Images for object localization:

-*-

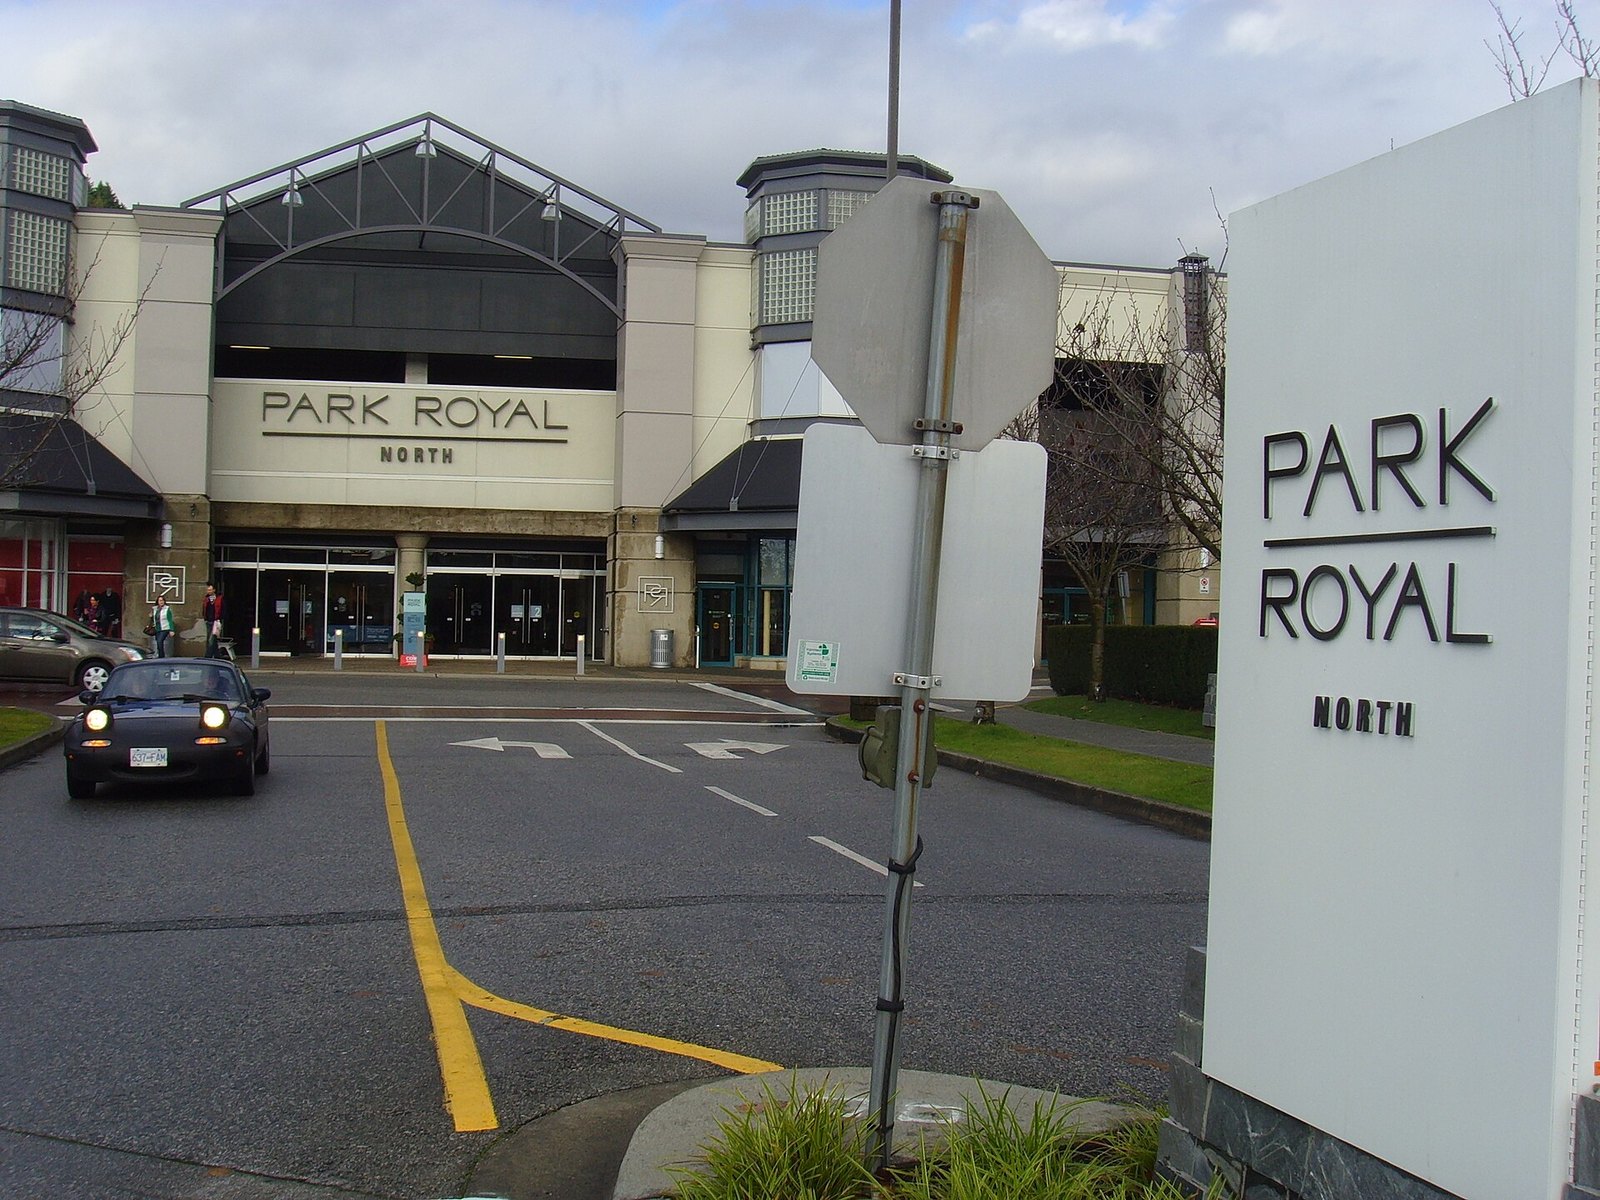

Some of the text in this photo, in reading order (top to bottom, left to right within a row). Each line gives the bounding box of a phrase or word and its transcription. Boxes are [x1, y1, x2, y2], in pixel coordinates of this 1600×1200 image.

[263, 391, 568, 430] PARK ROYAL
[380, 446, 453, 464] NORTH
[1262, 396, 1497, 519] PARK
[1259, 561, 1494, 644] ROYAL
[1313, 695, 1415, 737] NORTH
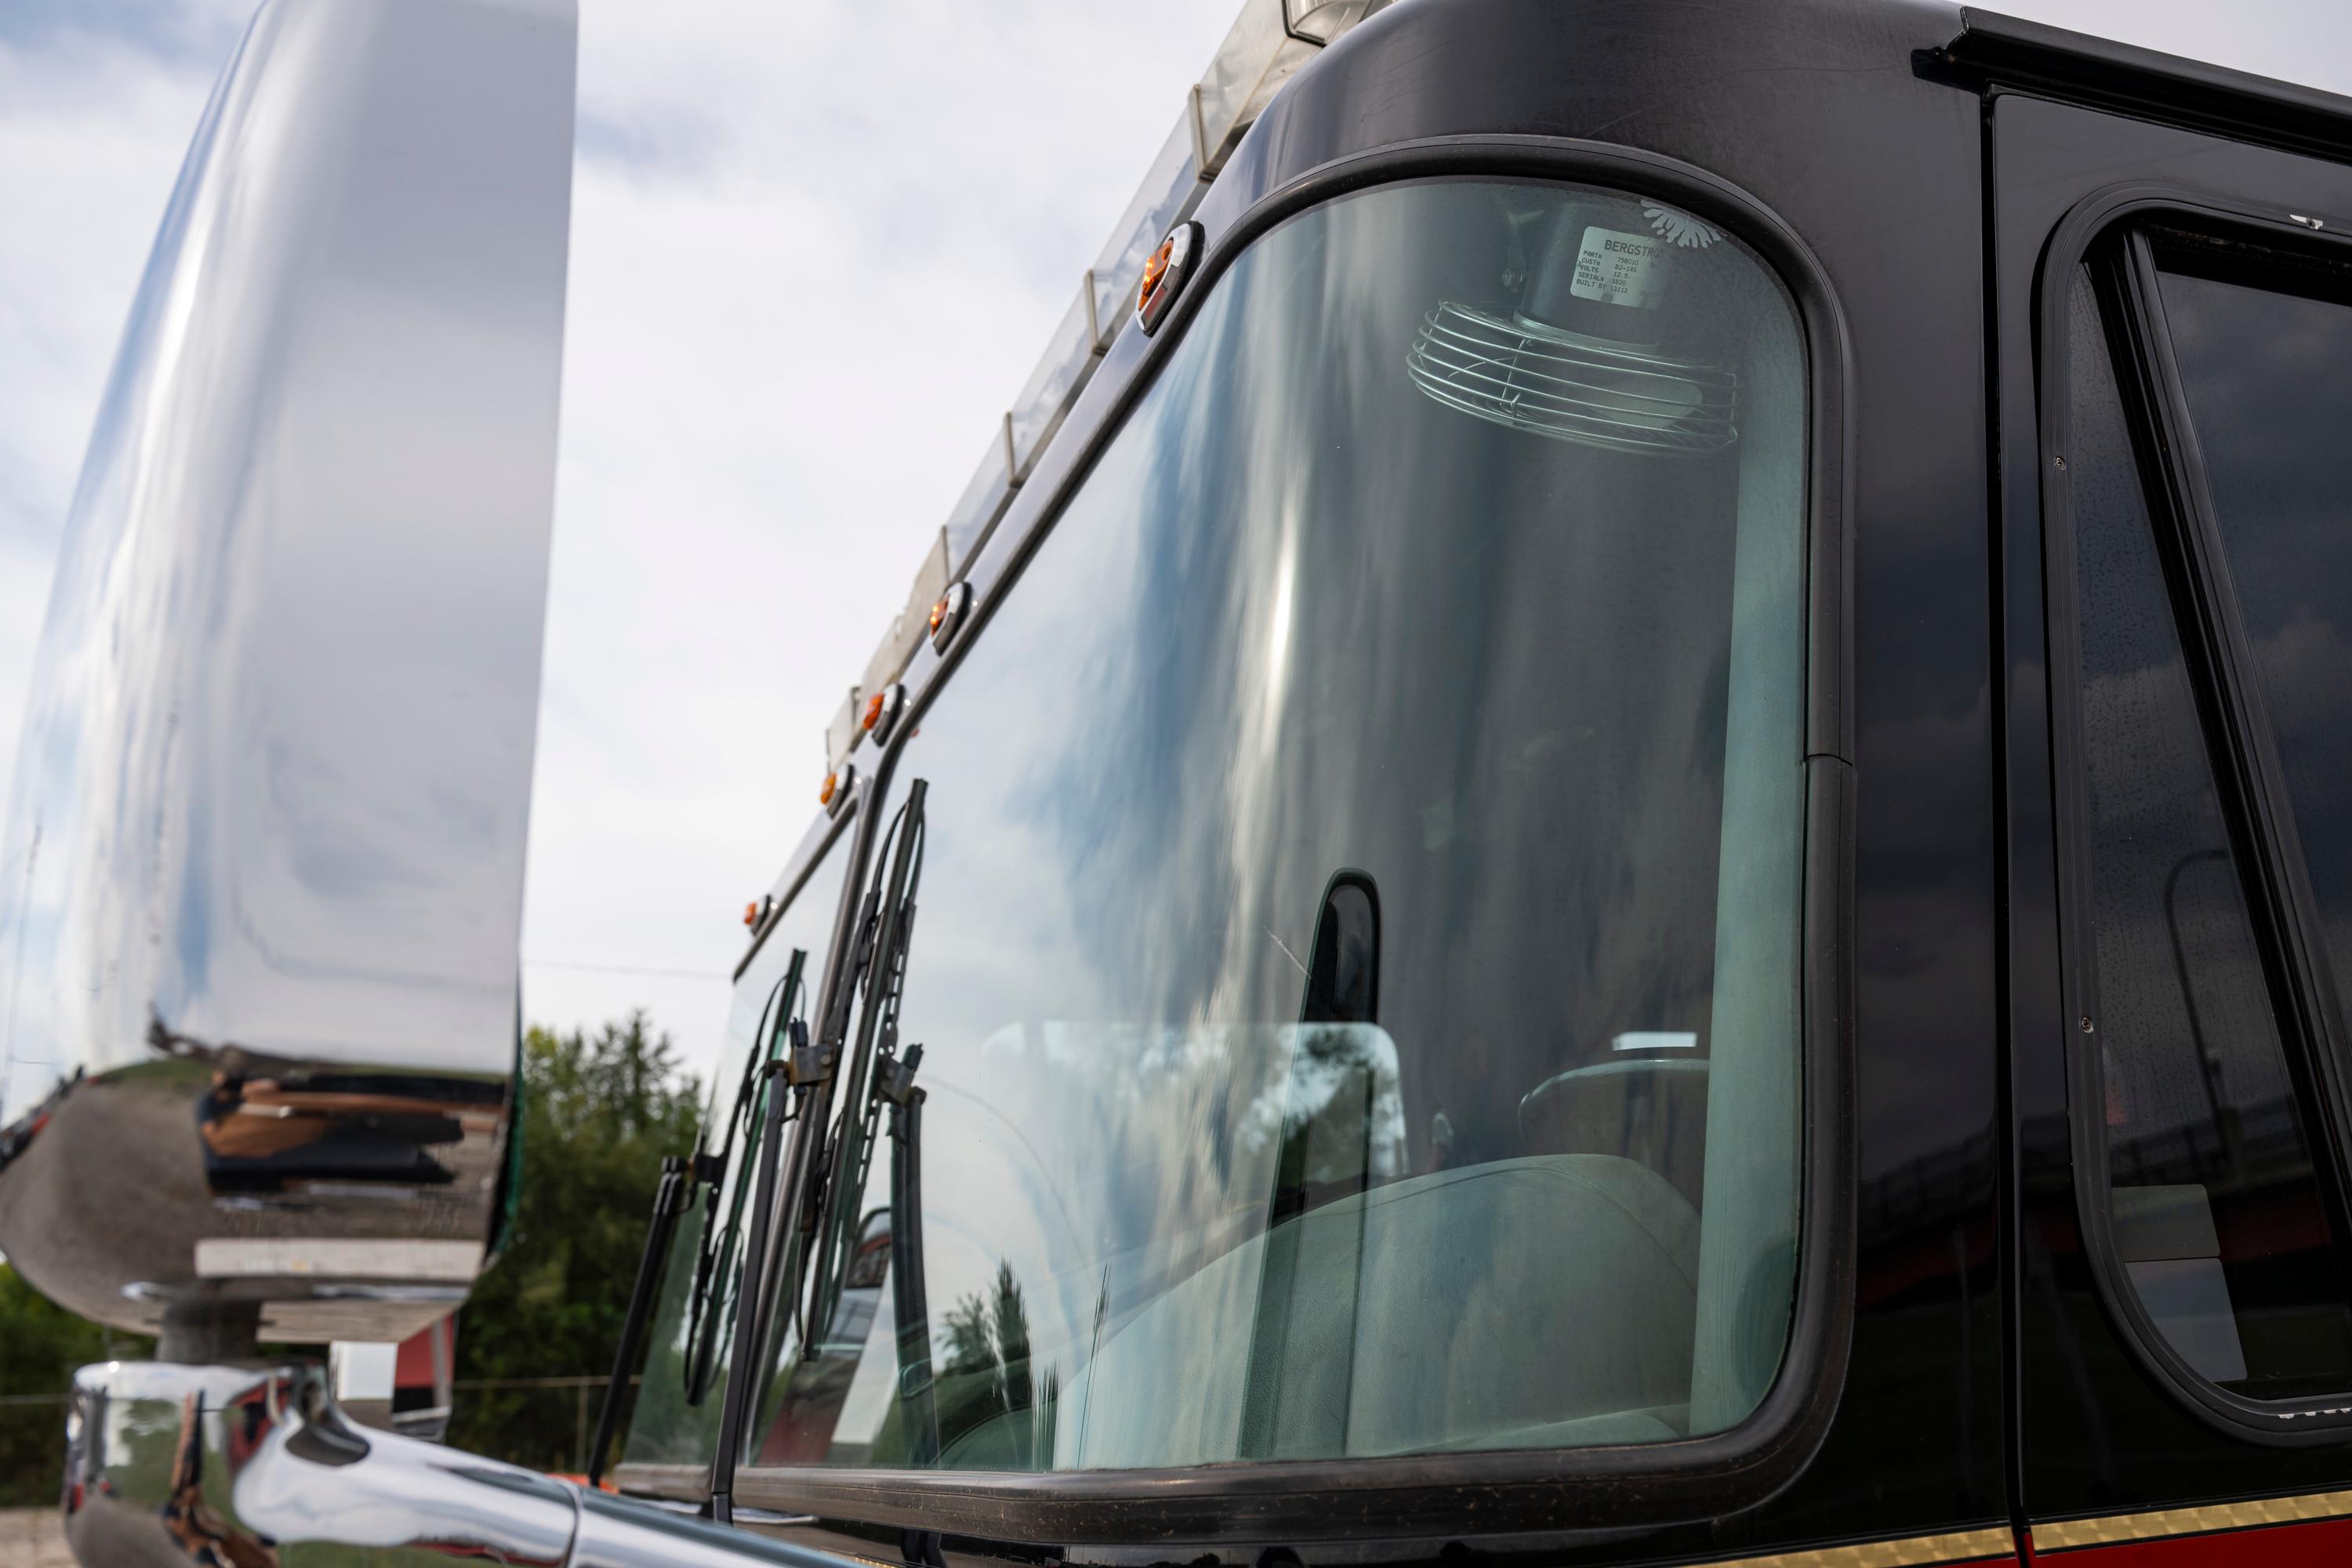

-*-

● **Required action**: Every record should come back exactly as it is, though none of the pictures should.

● **Response area**:
Some of the text in this photo, in reading order (top to bottom, left to right within a row). Each line gives the bounding box of a phrase or word and its transcription. Boxes are [x1, y1, x2, y2], in pixel coordinates of this 1600×1200 image.

[263, 391, 568, 430] PARK ROYAL
[380, 446, 453, 464] NORTH
[1262, 396, 1497, 519] PARK
[1259, 561, 1494, 644] ROYAL
[1313, 695, 1415, 737] NORTH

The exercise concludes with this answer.